What kind of fish do you have? Most healthy freshwater fish can go a few days to a week without food without serious results, larger predatory fish can go much longer. Young/small fish, very active fish, fragile species and perhaps bettas should be fed at least every other day, if not daily.
_Posted via Mobile Device_


----------



## AaronCombs

I've never really liked them, but I have used them before without issues. 

They have automatic feeders for tanks as well that drop flakes in the tank, you can always look into it.


----------



## teddyzaper

id go with auto feeders. i have 2 for my tanks and they havent failed me yet! i have used them over a weeks time and never missed a feeding.


----------



## Mikaila31

I would use nothing. Vacation feeders will add a lot of hardness to your water since they are mostly plaster of paris. Auto feeders usually over feed or the moisture jams them up and/or makes the food go bad. 
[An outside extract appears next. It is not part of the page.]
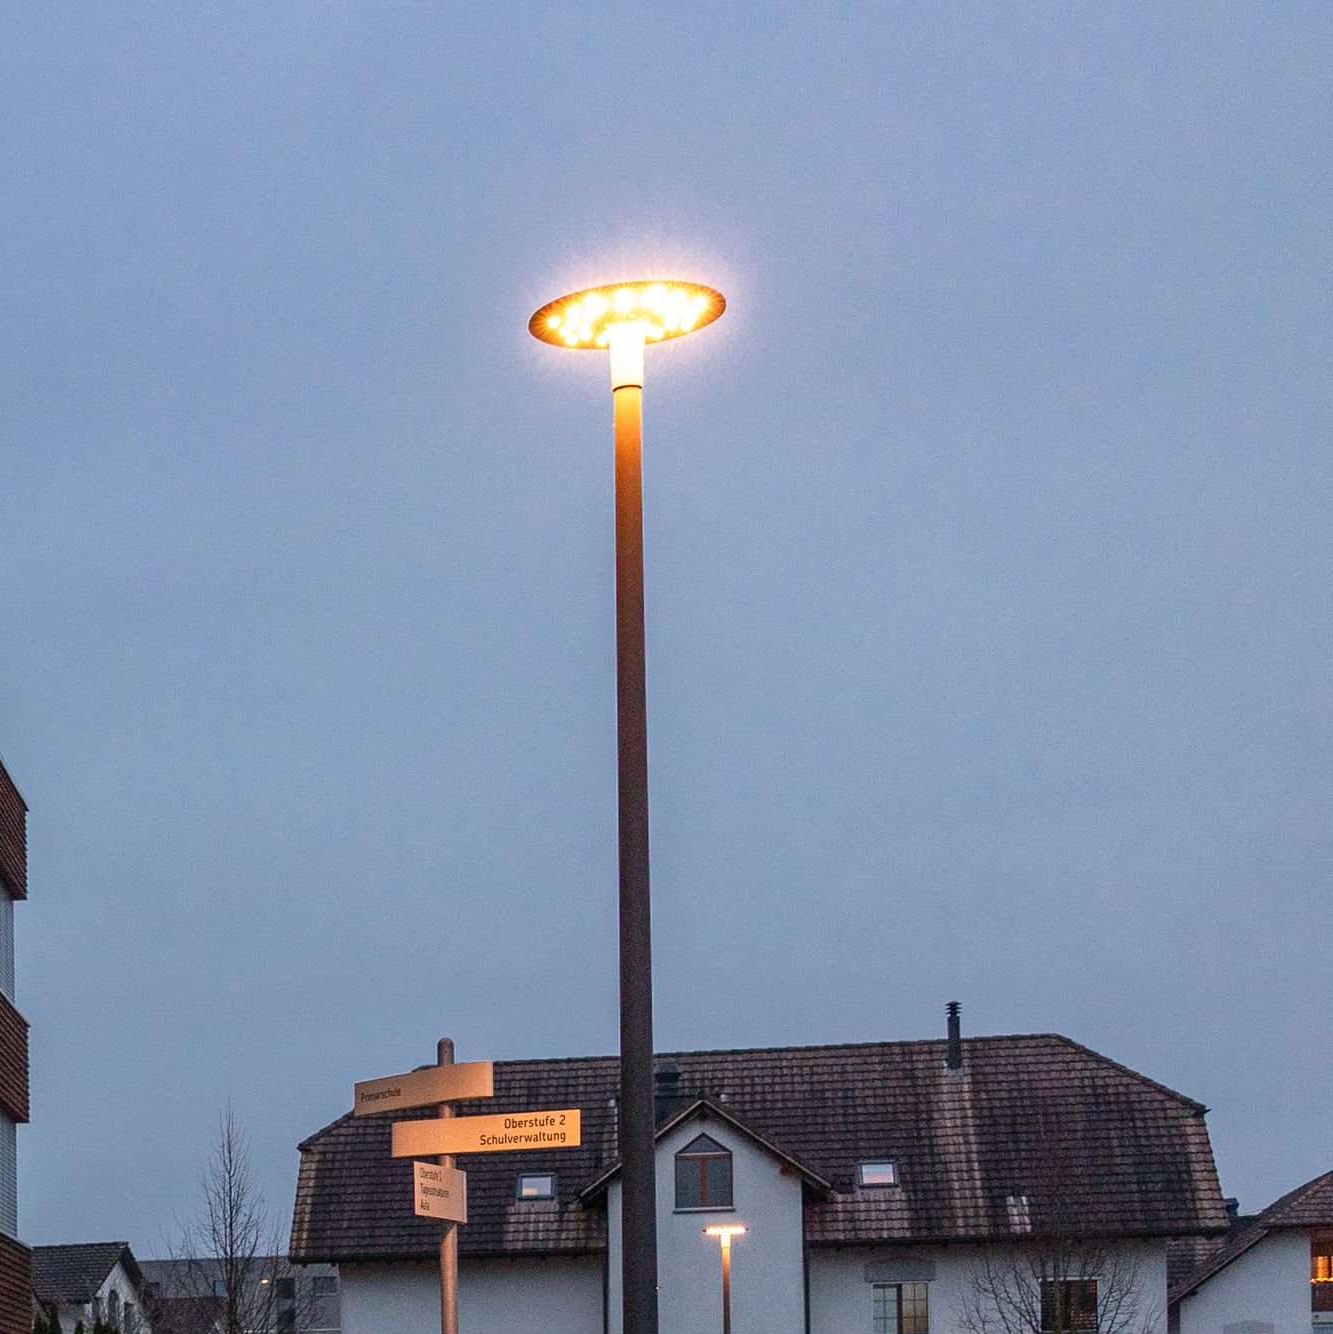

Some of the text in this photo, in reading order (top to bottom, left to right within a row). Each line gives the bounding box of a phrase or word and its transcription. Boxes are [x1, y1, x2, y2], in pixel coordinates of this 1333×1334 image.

For healthy fish a week w/o food should be no problem, as long as you are not keeping fish together that are on the verge of eating each other you should be fine. When we are gone someone usually stops by twice during the week to feed all our animals. I leave fish food in those weekly pill containers that way their is no overfeeding. 
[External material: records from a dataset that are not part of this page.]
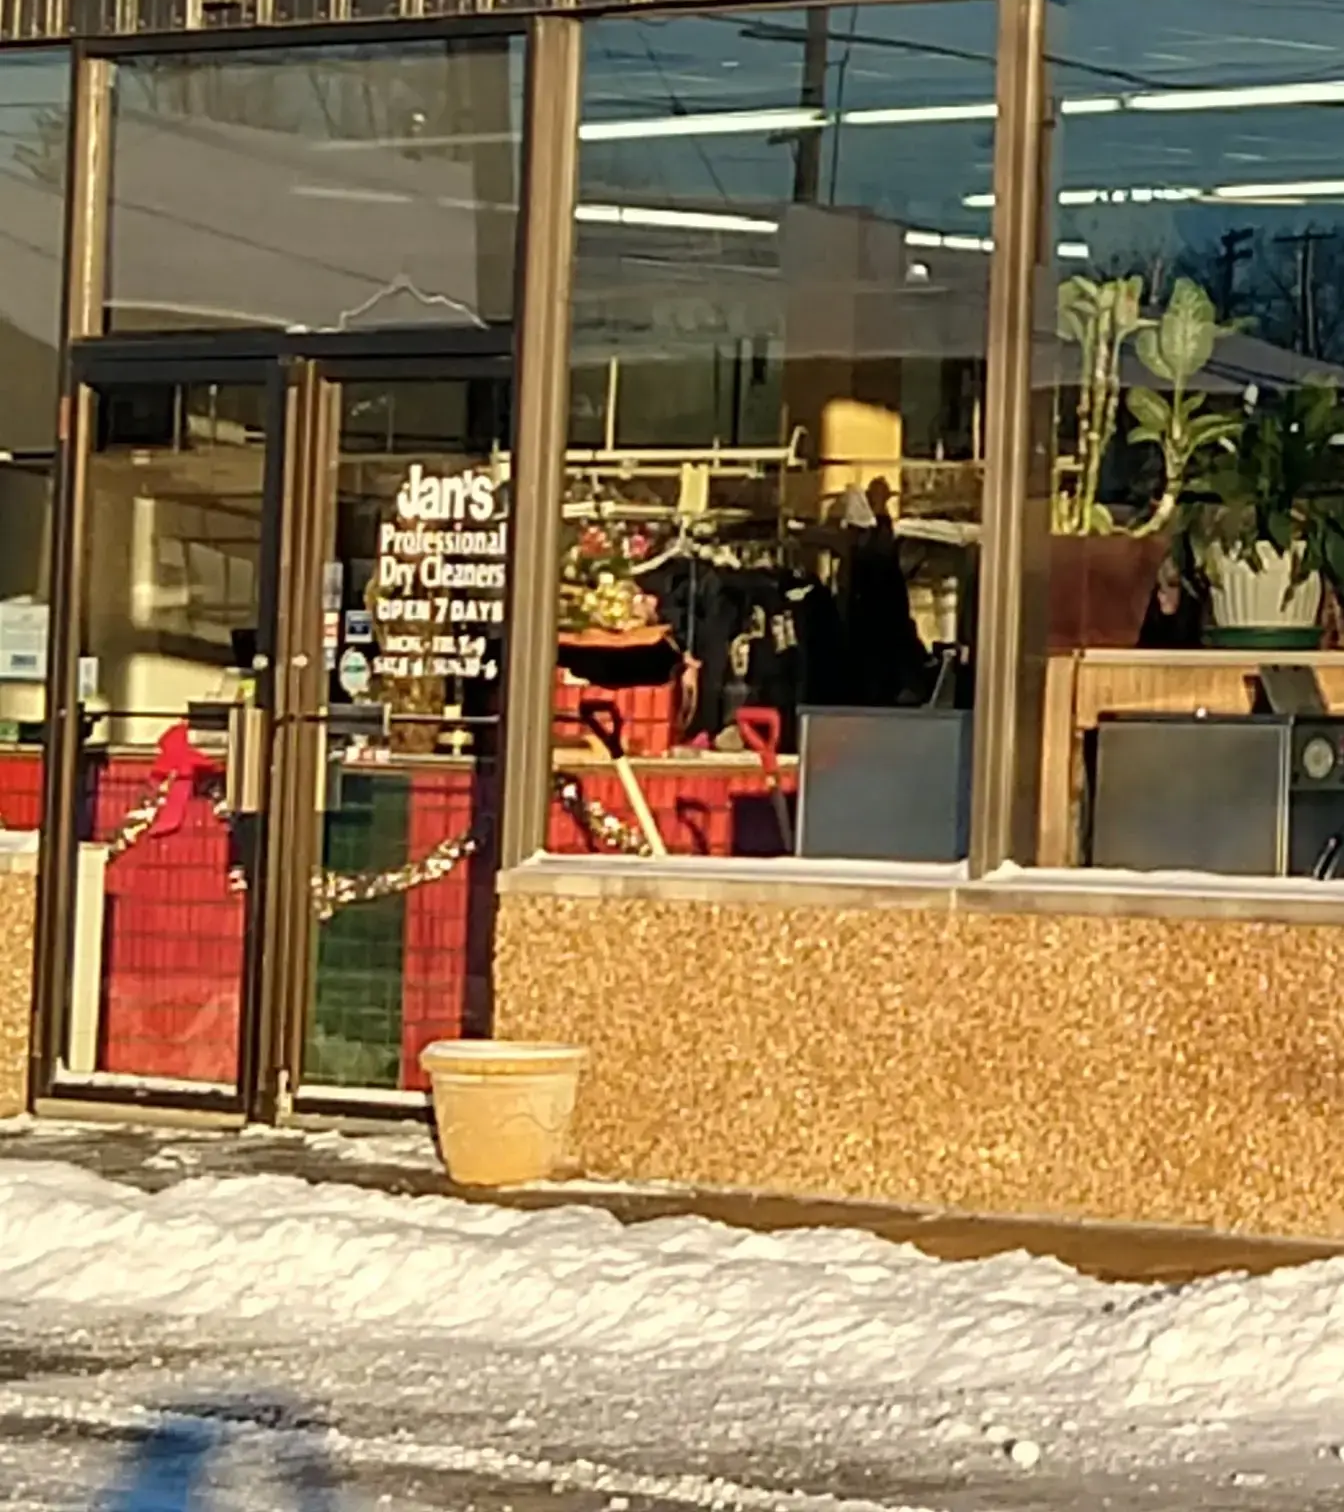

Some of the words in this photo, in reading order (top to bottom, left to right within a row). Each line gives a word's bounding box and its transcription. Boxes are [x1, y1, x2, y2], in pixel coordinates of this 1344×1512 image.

[398, 464, 494, 520] Jan's
[380, 522, 506, 556] Professional
[379, 556, 415, 595] Dry
[420, 555, 505, 588] Cleaners
[377, 597, 431, 621] OPEN
[434, 597, 449, 623] 7
[451, 600, 504, 623] DAYS
The main thing is that it is better to have the fish go hungry for a week than to have them be fed by someone unfamiliar to fish. You can't fix a water quality issue when you are hours away and the last thing you want is to come back to dead fish. If you have someone feed them premeasure out the food, then hide the rest. Feed lightly when you are gone as well.


----------



## karjean

Do not use the blocks, they are always releasing once in the water and could be detrimental for the fishes. As mentioned on the threads the fishes should be fine when you come back.


----------



## LisaC144

I use the weekly pill containers too. But swince you have no one (no one? Not even a neighbo?r) to feed, I'd do a good feeding before you leave and a feeding as soon as you return. Your fish should be fine.


----------



## aunt kymmie

LisaC144 said:


> I use the weekly pill containers too. But swince you have no one (no one? Not even a neighbo?r) to feed, I'd do a good feeding before you leave and a feeding as soon as you return. Your fish should be fine.


+1 IMHO all those blocks to is gunk up your water. As everyone has stated healthy fish will be just fine going for a week without food. What kind of fish do you have??

PS. Welcome to the forum!!


----------



## eileen

I use the new gel Tetra/weekend feeders. The small 5 day one. I have had not problem with these ones as it does not change the water chemistry like the plaster ones. If you are gone for 3 days I would not worry about feeding the fish but 5 or more days I always use these tetra/weekend feeders.


----------



## never quit

Hey thanks for the input! Based on what everybody said, I think the best bet seems to be to feed them well for the next week. The one thing I think I have going for me is I have all live plants in my 10 gallon. As far as the fish, they're just community fish, nothing exotic. 
I'm kind of new to this and thanks a lot for your feed back, I certainly appreciate it......If you ask a person at the pet store what to do, they'll sell you what they want, and not really what may be the best...
And, since I'm new to this, I'll be back with a bunch of questions that I can't find the answer to. My biggest problem has been keeping the ph constant. Finally got ahold of a buffer and that seems to work.....
Here's one question....when I test the ph, using an API kit, maybe it's me, but the longer I compare the color of the sample to the color card, the more I'm not sure....Does anyone else have this problem or am I just trying to "split hairs"...Trying to get this thing EXACT....I 've read many times the test strips are not very accurate, so that's why I got the kit.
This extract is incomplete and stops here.